**WHAT YOU NEED TO DO:**
Every entry should be reproduced precisely, with each picture left out.

Stored entries
Content starts
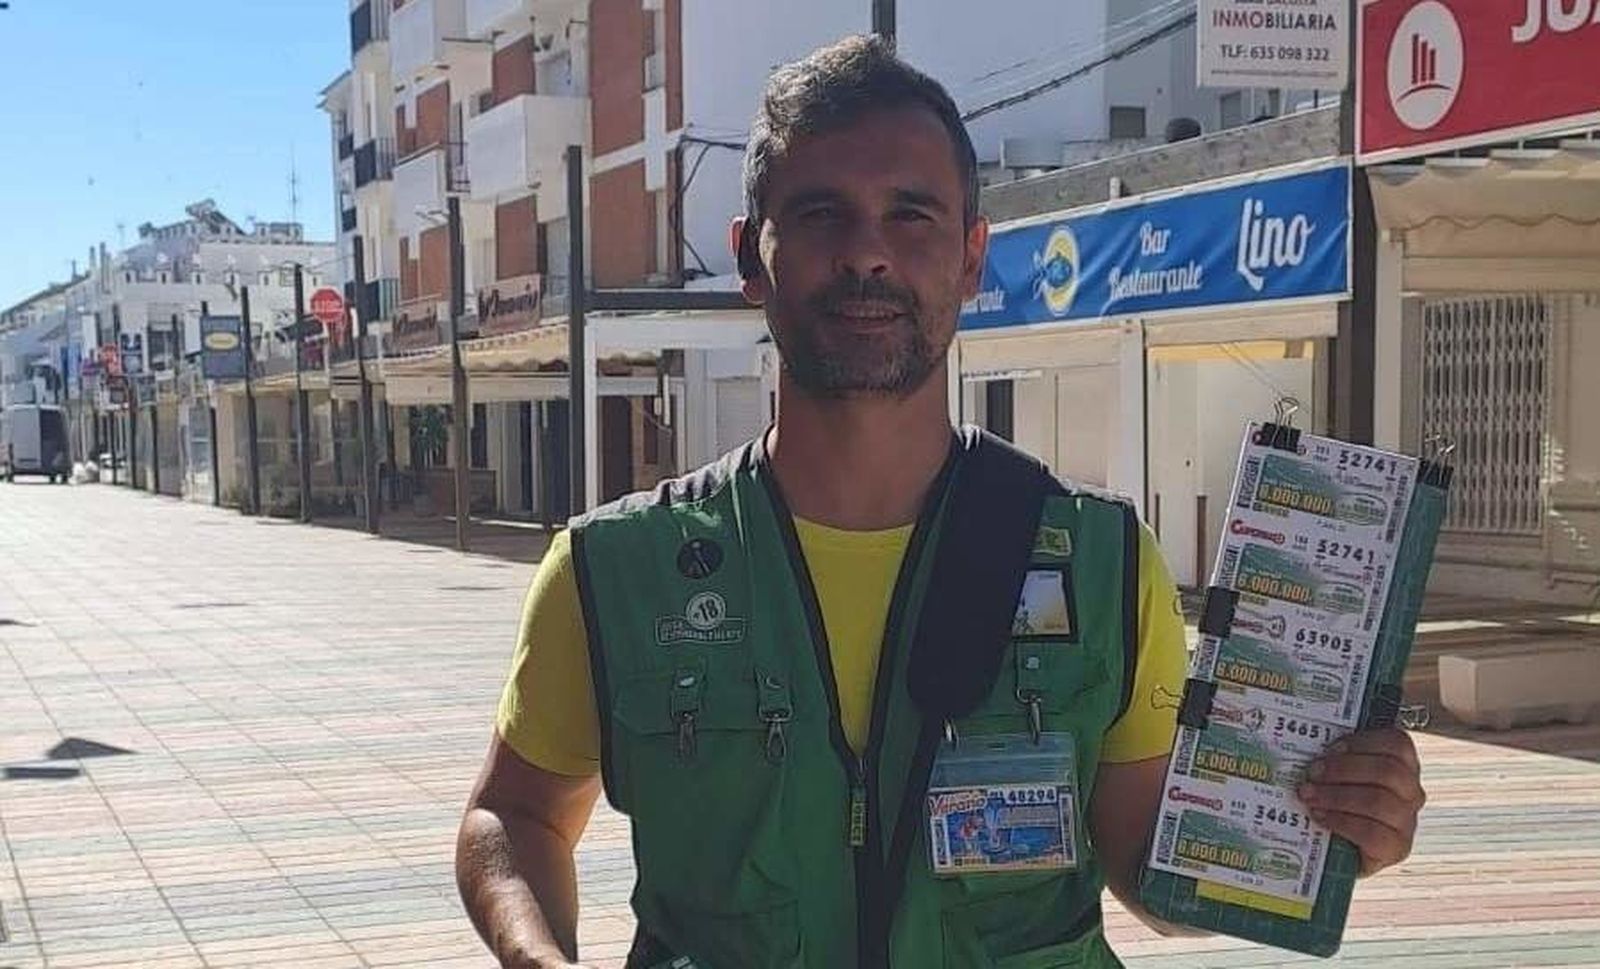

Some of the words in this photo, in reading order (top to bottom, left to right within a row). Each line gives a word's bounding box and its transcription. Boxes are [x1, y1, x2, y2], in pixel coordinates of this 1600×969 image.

[1212, 9, 1337, 31] INMOBILIARIA
[1250, 45, 1276, 60] 635
[1277, 47, 1302, 61] 098
[1304, 47, 1330, 62] 322
[1139, 220, 1172, 257] Bar
[1237, 199, 1316, 291] Lino
[1108, 264, 1204, 301] Restaurante
[1338, 449, 1399, 474] 52741
[1316, 538, 1376, 564] 52741
[1294, 627, 1354, 652] 63905
[1273, 716, 1332, 742] 34651
[1253, 805, 1311, 830] 34651
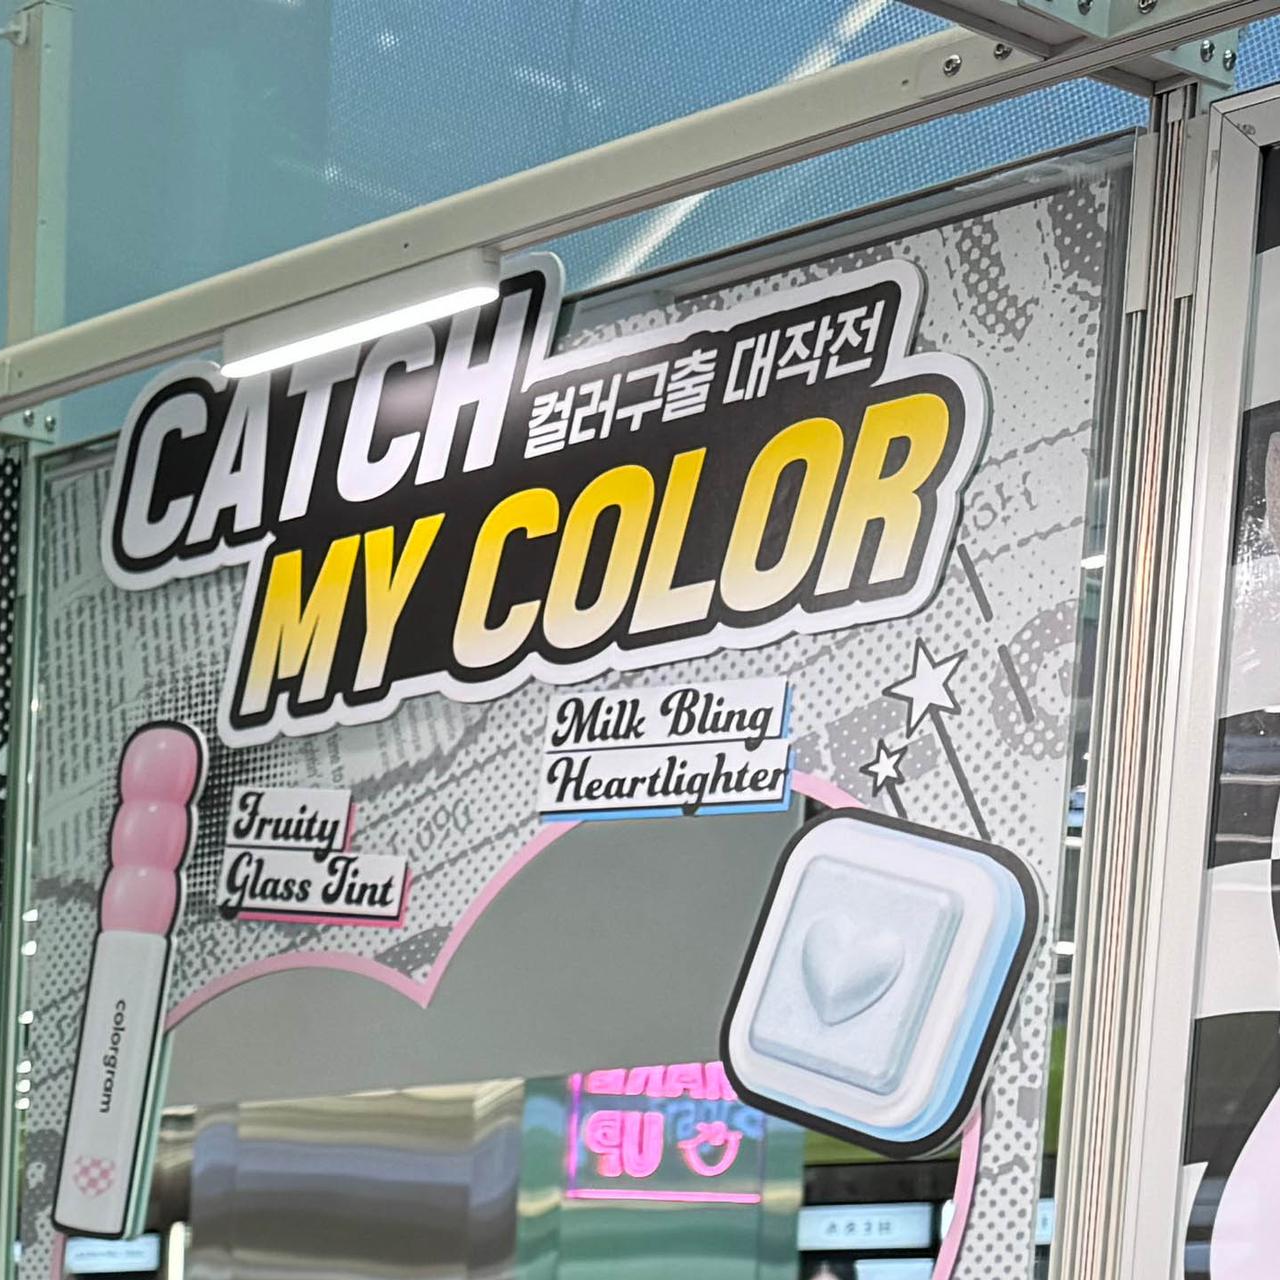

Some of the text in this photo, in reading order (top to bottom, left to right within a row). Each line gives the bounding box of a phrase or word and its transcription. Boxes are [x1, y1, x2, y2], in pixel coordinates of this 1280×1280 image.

[523, 299, 887, 459] 컬러구출 대작전
[120, 298, 518, 560] CATCH
[241, 513, 445, 717] MY
[452, 392, 950, 668] COLOR
[551, 686, 775, 746] Milk Bling
[233, 791, 341, 861] Fruity
[545, 754, 789, 816] Heartlighter
[220, 850, 396, 918] Glass Tint
[98, 999, 127, 1114] colorgram
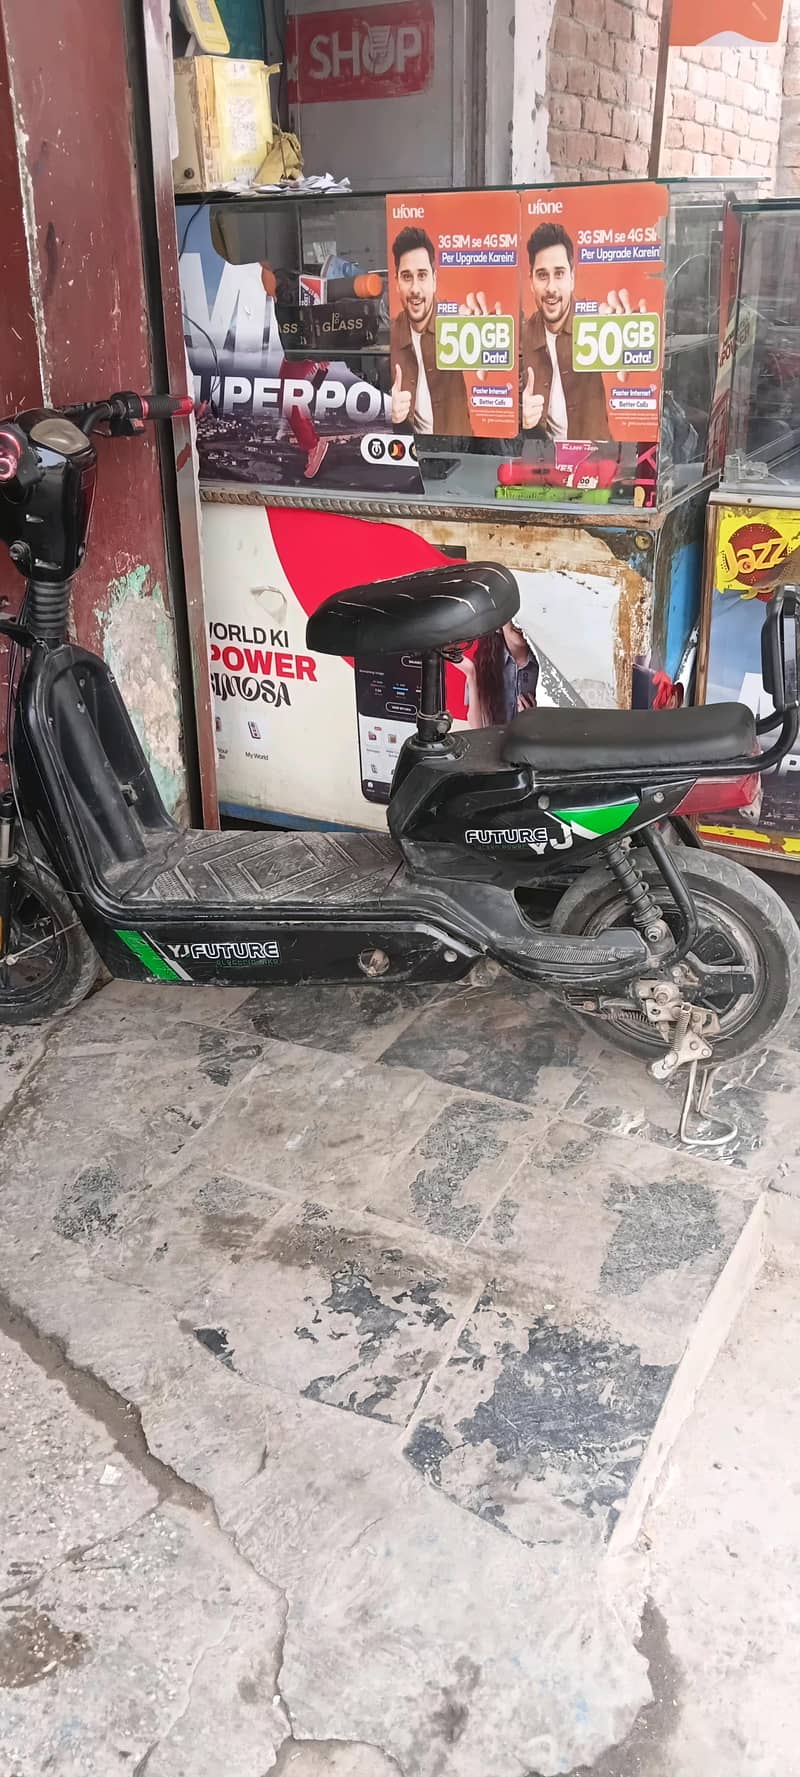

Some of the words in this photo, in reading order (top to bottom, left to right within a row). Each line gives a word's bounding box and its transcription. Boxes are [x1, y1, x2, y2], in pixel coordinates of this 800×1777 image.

[309, 26, 423, 80] SHOP
[392, 204, 425, 219] ufone
[527, 199, 563, 215] ufone
[438, 236, 451, 248] 3G
[452, 235, 470, 248] SIM
[471, 239, 482, 247] se
[483, 235, 497, 247] 4G
[499, 234, 518, 247] SIM
[577, 230, 592, 244] 3G
[593, 230, 613, 243] SIM
[615, 234, 626, 243] se
[627, 229, 643, 242] 4G
[442, 252, 454, 263] Per
[456, 252, 487, 265] Upgrade
[488, 251, 514, 262] Karein!
[581, 249, 595, 260] Per
[596, 247, 632, 261] Upgrade
[437, 303, 458, 313] FREE
[575, 302, 598, 312] FREE
[322, 312, 363, 332] GLASS
[482, 352, 508, 364] Data!
[623, 350, 653, 364] Data!
[720, 537, 788, 581] Jazz
[209, 622, 267, 645] ORLD
[270, 629, 289, 648] KI
[465, 828, 548, 844] FUTURE
[191, 941, 280, 959] FUTURE
Content ends
**RESPONSE BELOW:**
Some of the words in this photo, in reading order (top to bottom, left to right within a row). Each line gives a word's bounding box and its transcription. Boxes are [x1, y1, x2, y2], in pixel coordinates of this 1600×969 image.

[1212, 9, 1337, 31] INMOBILIARIA
[1250, 45, 1276, 60] 635
[1277, 47, 1302, 61] 098
[1304, 47, 1330, 62] 322
[1139, 220, 1172, 257] Bar
[1237, 199, 1316, 291] Lino
[1108, 264, 1204, 301] Restaurante
[1338, 449, 1399, 474] 52741
[1316, 538, 1376, 564] 52741
[1294, 627, 1354, 652] 63905
[1273, 716, 1332, 742] 34651
[1253, 805, 1311, 830] 34651

Some of the text in this photo, in reading order (top to bottom, left to right within a row). Each line gives the bounding box of a phrase or word and its transcription. Boxes are [x1, y1, x2, y2], in pixel coordinates of this 1280×1280 image.

[523, 299, 887, 459] 컬러구출 대작전
[120, 298, 518, 560] CATCH
[241, 513, 445, 717] MY
[452, 392, 950, 668] COLOR
[551, 686, 775, 746] Milk Bling
[233, 791, 341, 861] Fruity
[545, 754, 789, 816] Heartlighter
[220, 850, 396, 918] Glass Tint
[98, 999, 127, 1114] colorgram

Some of the words in this photo, in reading order (top to bottom, left to right within a row). Each line gives a word's bounding box and its transcription. Boxes are [x1, y1, x2, y2], in pixel coordinates of this 800×1777 image.

[309, 26, 423, 80] SHOP
[392, 204, 425, 219] ufone
[527, 199, 563, 215] ufone
[438, 236, 451, 248] 3G
[452, 235, 470, 248] SIM
[471, 239, 482, 247] se
[483, 235, 497, 247] 4G
[499, 234, 518, 247] SIM
[577, 230, 592, 244] 3G
[593, 230, 613, 243] SIM
[615, 234, 626, 243] se
[627, 229, 643, 242] 4G
[442, 252, 454, 263] Per
[456, 252, 487, 265] Upgrade
[488, 251, 514, 262] Karein!
[581, 249, 595, 260] Per
[596, 247, 632, 261] Upgrade
[437, 303, 458, 313] FREE
[575, 302, 598, 312] FREE
[322, 312, 363, 332] GLASS
[482, 352, 508, 364] Data!
[623, 350, 653, 364] Data!
[720, 537, 788, 581] Jazz
[209, 622, 267, 645] ORLD
[270, 629, 289, 648] KI
[465, 828, 548, 844] FUTURE
[191, 941, 280, 959] FUTURE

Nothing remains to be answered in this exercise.